而依明軍的打法,既然城池較小,那就勢必是守城而戰。()絕不會輕易得出城與對方進行決戰的,除非對方的主將腦袋被驢給踢了。可如此一來,也就是必要給唐楓的手下軍校帶來不小的傷亡。而還有一點,自己一旦要是將這曹文詔的家人接了出來,又如何能通的過這條護城河?
眼見着南陽城的城門口,那幾個明軍的軍校盤查得到不算很嚴,自己這些手下人又都扮成了行腳的腳伕,推着小車的做小買賣的,到不用擔心被對方所識破。而那些隨身的兵刃,短兵刃如刀劍等則被衆人藏到了小車的底板下面,長槍等長兵器卻是藏在了那根粗粗的被從中間掏出長洞來的槓子之中。
一行幾十人分別順利地進入了南陽城之中,到了城內之後,郝兵就將這些人帶到了一處偏僻的地方。告訴給衆人分頭去城內各處開始造謠,等着謠言一旦起來了,就開始死死地盯着南陽城內官府的動作。

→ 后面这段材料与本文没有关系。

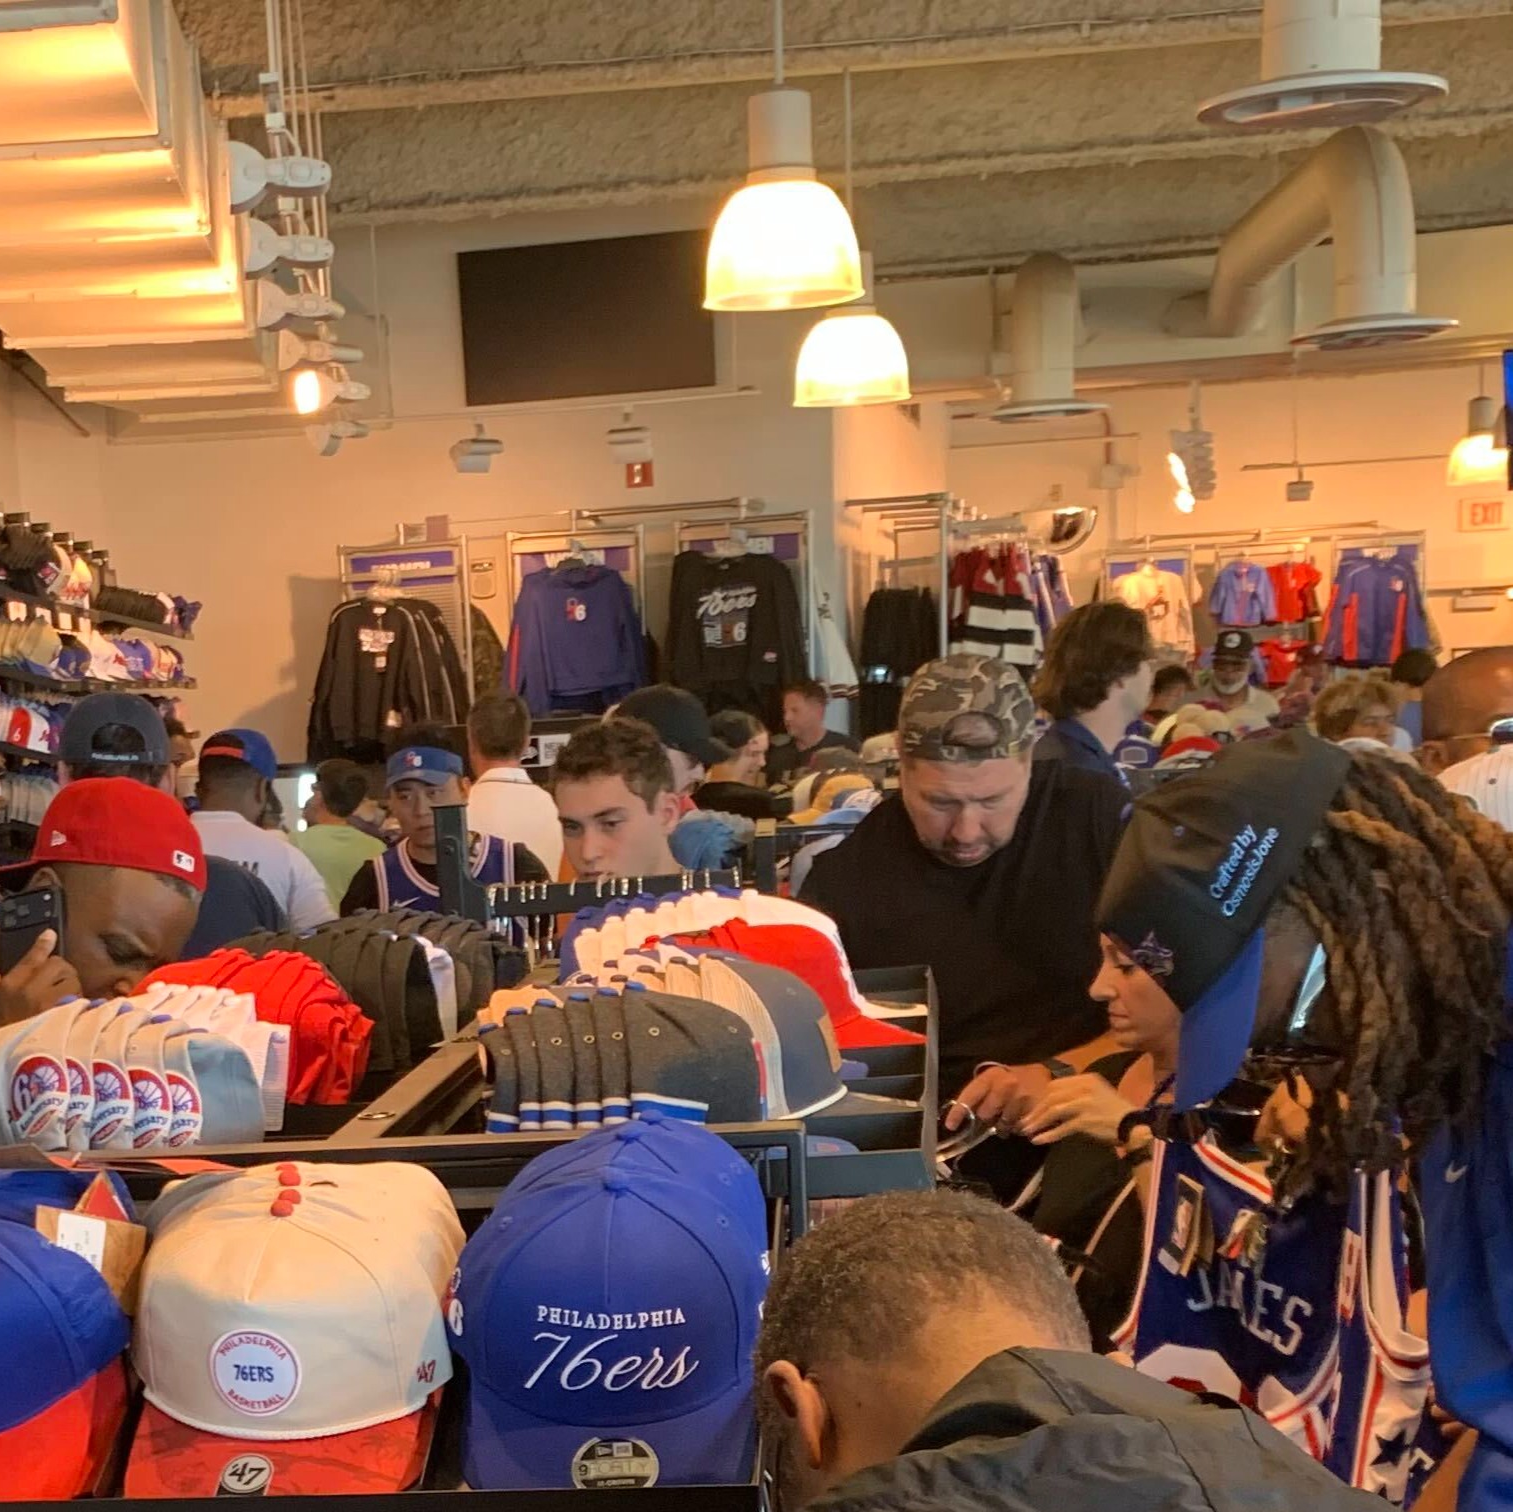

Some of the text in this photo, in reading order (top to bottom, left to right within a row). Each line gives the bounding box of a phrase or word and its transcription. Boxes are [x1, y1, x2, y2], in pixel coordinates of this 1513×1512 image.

[1470, 502, 1503, 526] EXIT
[1210, 824, 1257, 899] Crafted by
[536, 1304, 687, 1331] PHILADELPHIA
[217, 1335, 287, 1361] PHILADELPHIA
[233, 1364, 275, 1383] 76ERS
[523, 1331, 701, 1393] 76ers
[227, 1387, 285, 1410] BASKETBALL

南陽城內不知從何時起,突然傳播起來一個謠言,說曹文詔已然投降了義軍,並且要於近日就統兵前來攻打南陽城池。只是這個被說成是謠言的消息,卻是說得有鼻子有眼的,不由得人不信。很快這個消息就從販夫走卒聚堆得地方,逐漸散播到青樓中酒肆中。
謠言又很快的傳入到南陽城的府衙之中,南陽城的知府郭金林自從聽到手下差役以及書辦,還有自己的那位師爺輪番得給他通報過這件事情之後,本來對此事不太相信的他,最後也不得不相信事出有因。人的口既能衆口鑠金,也自然能夠積毀銷骨。

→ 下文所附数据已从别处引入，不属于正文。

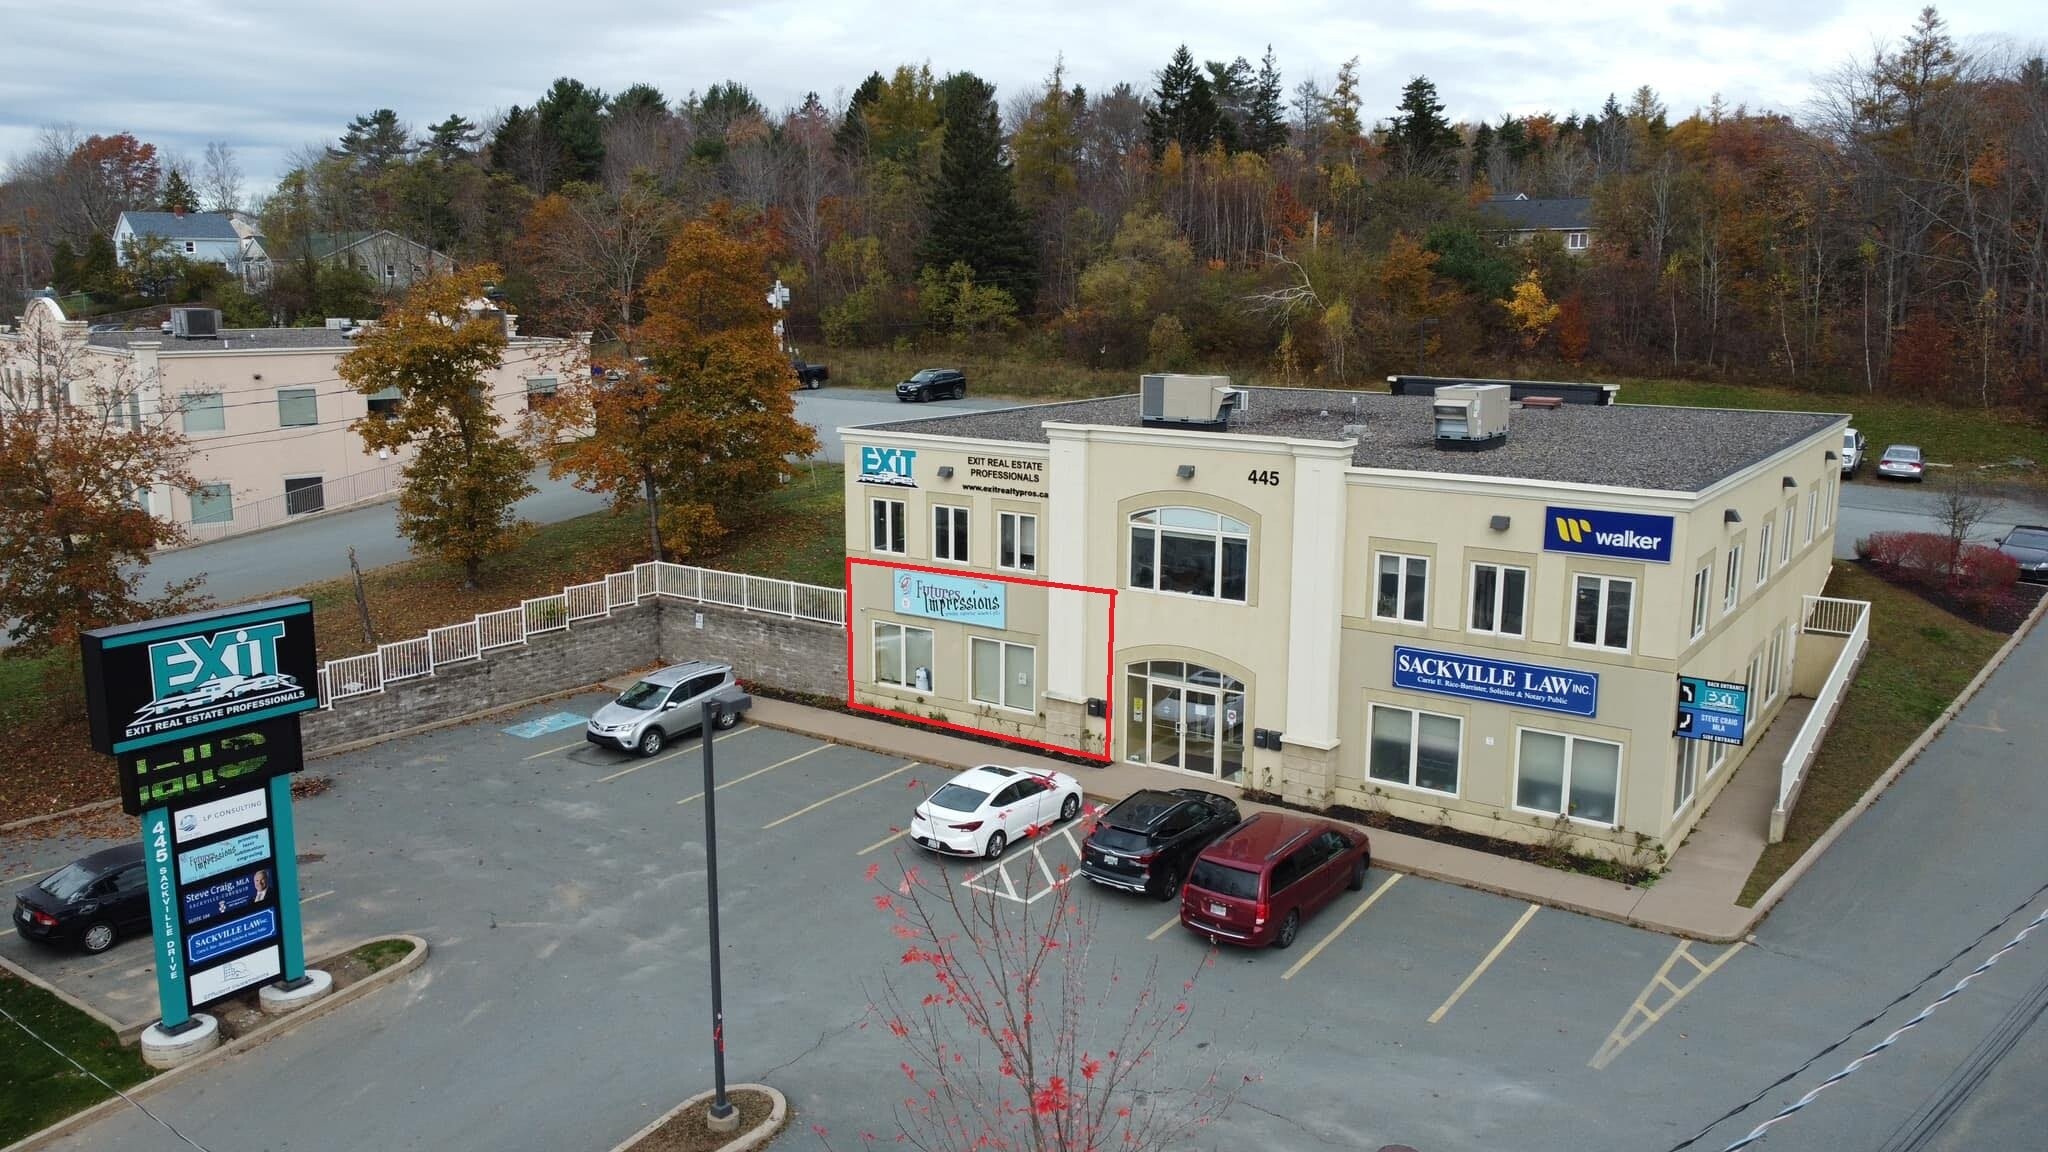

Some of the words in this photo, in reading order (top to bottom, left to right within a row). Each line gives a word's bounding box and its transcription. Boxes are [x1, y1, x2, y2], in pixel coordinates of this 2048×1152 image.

[967, 456, 985, 465] EXIT
[987, 458, 1009, 468] REAL
[1011, 460, 1043, 471] ESTATE
[970, 468, 1040, 483] PROFESSIONALS
[1247, 469, 1280, 486] 445
[962, 484, 1049, 498] www.exitrealtypros.ca
[1595, 530, 1662, 550] walker
[916, 580, 960, 600] Futures
[923, 589, 1000, 616] Impressions
[1398, 654, 1516, 688] SACKVILLE
[1524, 672, 1573, 695] LAW
[1572, 683, 1592, 696] INC.
[1489, 687, 1516, 697] Solicitor
[1524, 691, 1546, 703] Notary
[1546, 694, 1568, 705] Public
[125, 725, 152, 738] EXIT
[155, 719, 183, 732] REAL
[185, 710, 224, 724] ESTATE
[226, 690, 305, 716] PROFESSIONALS
[1701, 714, 1720, 723] STEVE
[1720, 716, 1738, 726] CRAIG
[1712, 723, 1726, 732] MLA
[214, 800, 262, 818] CONSULTING
[186, 889, 209, 903] Steve
[210, 881, 235, 896] Craig,
[236, 877, 250, 887] MLA
[195, 925, 243, 948] SACKVILLE
[243, 919, 261, 931] LAW

南陽知府郭金林對於別的都不擔心,即使他曹文詔投降了義軍,也於自己沒有絲毫的關係。關鍵的一點,卻是他竟然要帶兵前來攻打南陽城。這可是與自己息息相關的,如果南陽城城池要是在自己得手裡丟了的話,那位京裡頭的萬歲爺還不得將自己跟那些京官一般處置了?
本打算着先看看這謠言,過一日兩日的會不會就此煙消雲散了?自己也就不用爲此而擔心的終日吃睡都不得安寧。最主要的一點,就是自己新納進門來的那房小妾寶雲,這兩日都不增到她的房裡,去跟她好好的親熱一番去了?這讓自己就感覺到這腹內猶如白抓撓心一樣。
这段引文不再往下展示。